第15話 メインヒーローはベジタリアン

 ニーナとぶつかったその男の子は、彼女のことを睨んでいた。


 その男の子は、黒色の髪に浅黒い肌、少し強面だがシュッとしていて整っている顔、そして周りの男の子と比べて少し高めの身長といった見た目をしていた。


 ニーナはその男の子の顔を確認すると、慌てた様子ですぐに頭を下げて謝罪した。


「も、申し訳ございません!オラベ様!」


 そんなニーナを見た私は、彼女をフォローするために、その男の子とニーナの間に割って入ろうとした。

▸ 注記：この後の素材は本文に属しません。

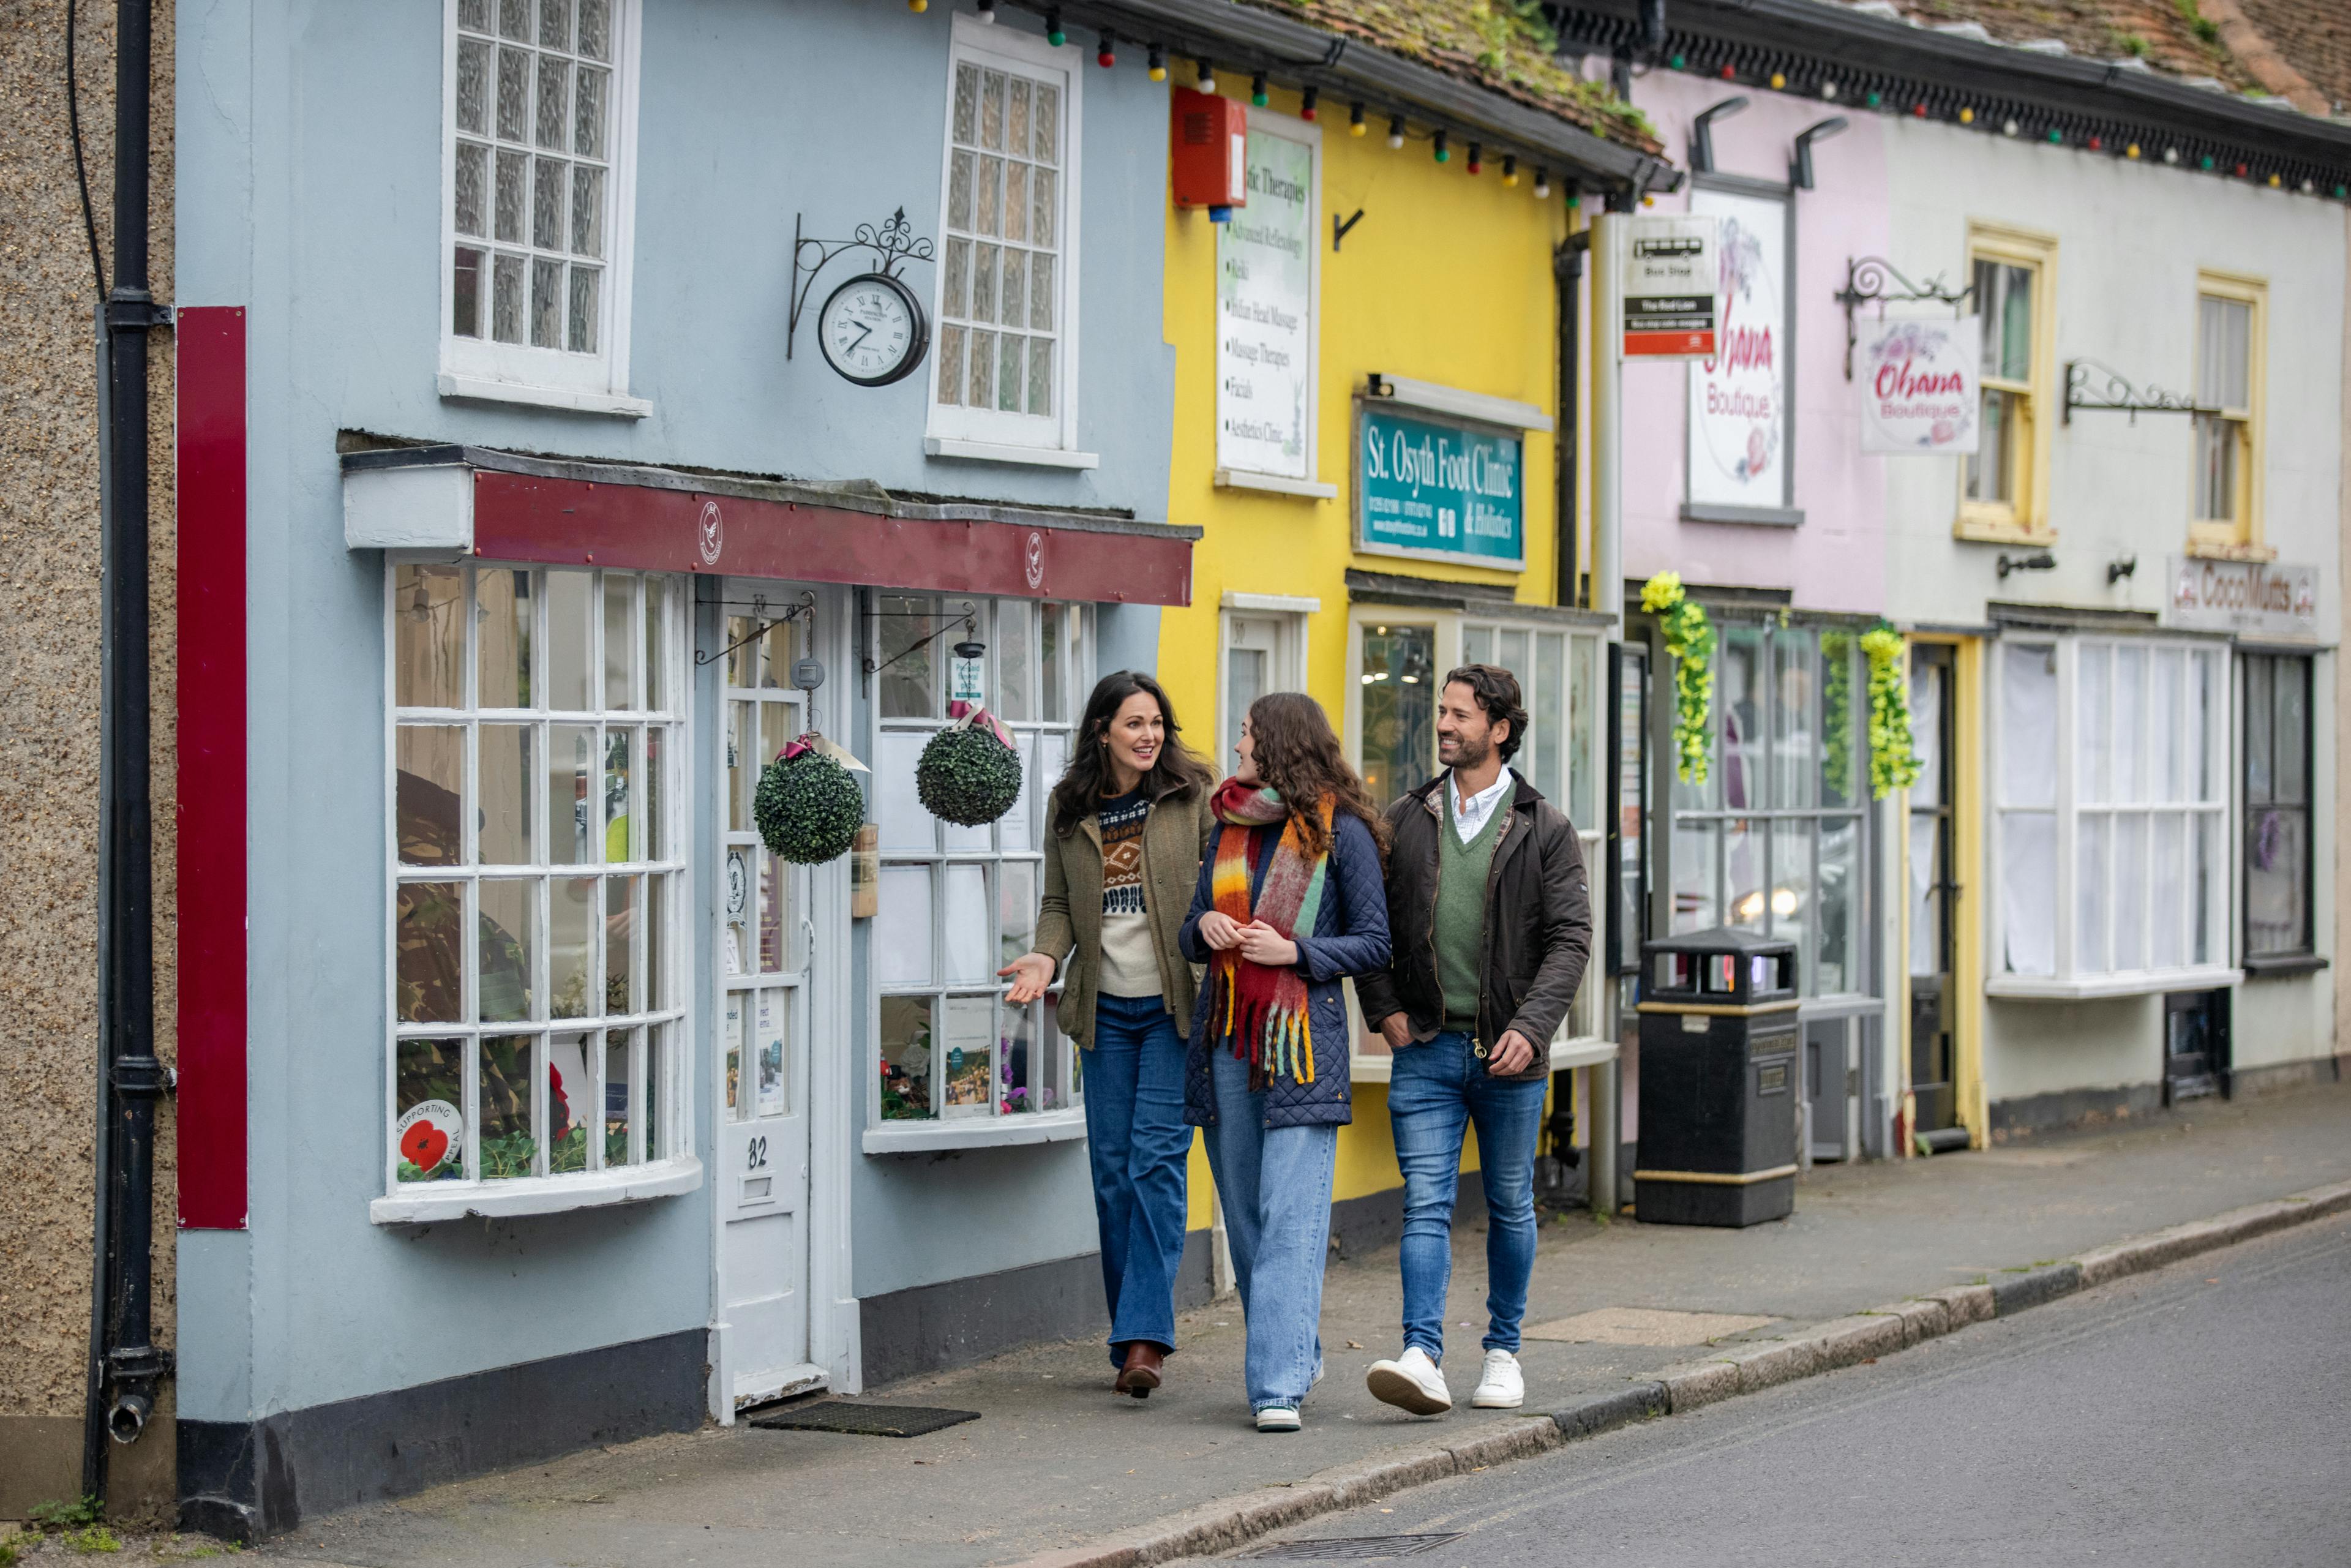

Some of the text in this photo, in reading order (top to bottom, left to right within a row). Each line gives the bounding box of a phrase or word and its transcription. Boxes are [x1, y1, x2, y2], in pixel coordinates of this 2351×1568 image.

[1262, 167, 1305, 208] Therapies
[1231, 258, 1250, 280] Reiki
[1668, 267, 1692, 277] Stop
[1231, 297, 1297, 335] Indian Head Massage
[1641, 299, 1658, 312] The
[1658, 299, 1676, 312] Red
[1704, 291, 1774, 377] hana
[1231, 337, 1290, 370] Massage Therapies
[1231, 377, 1253, 400] Facials
[1875, 358, 1964, 402] Ohana
[1706, 383, 1771, 421] Boutique
[1880, 403, 1960, 422] Boutique
[1231, 419, 1283, 445] Aesthetics Clinic
[1368, 425, 1513, 499] St. Osyth Foot Clinic
[1464, 501, 1474, 534] &
[1474, 503, 1512, 539] Holistics
[397, 1105, 451, 1135] SUPPORTING
[446, 1128, 460, 1160] PPEAL
[748, 1135, 768, 1171] 82

 しかし、それよりも前に、深々と頭を下げて謝罪する彼女に、その男の子は容赦なく突っかかって来た。


「申し訳ねぇで済むんなら兵士はいらねぇよなぁ?どこに目ぇつけてんだ、コラァ。」


 オラベと呼ばれるその強面の男子生徒に、ニーナはひたすら平謝りをしていた。それに対してオラベは、彼女を強く睨みながら怒りの表情を浮かべていた。


 私はその二人の様子を見ながら、少し怒りを覚えた。


 ニーナの前方不注意で彼にぶつかってしまったから、彼女が謝らなければいけないのは当然だろう。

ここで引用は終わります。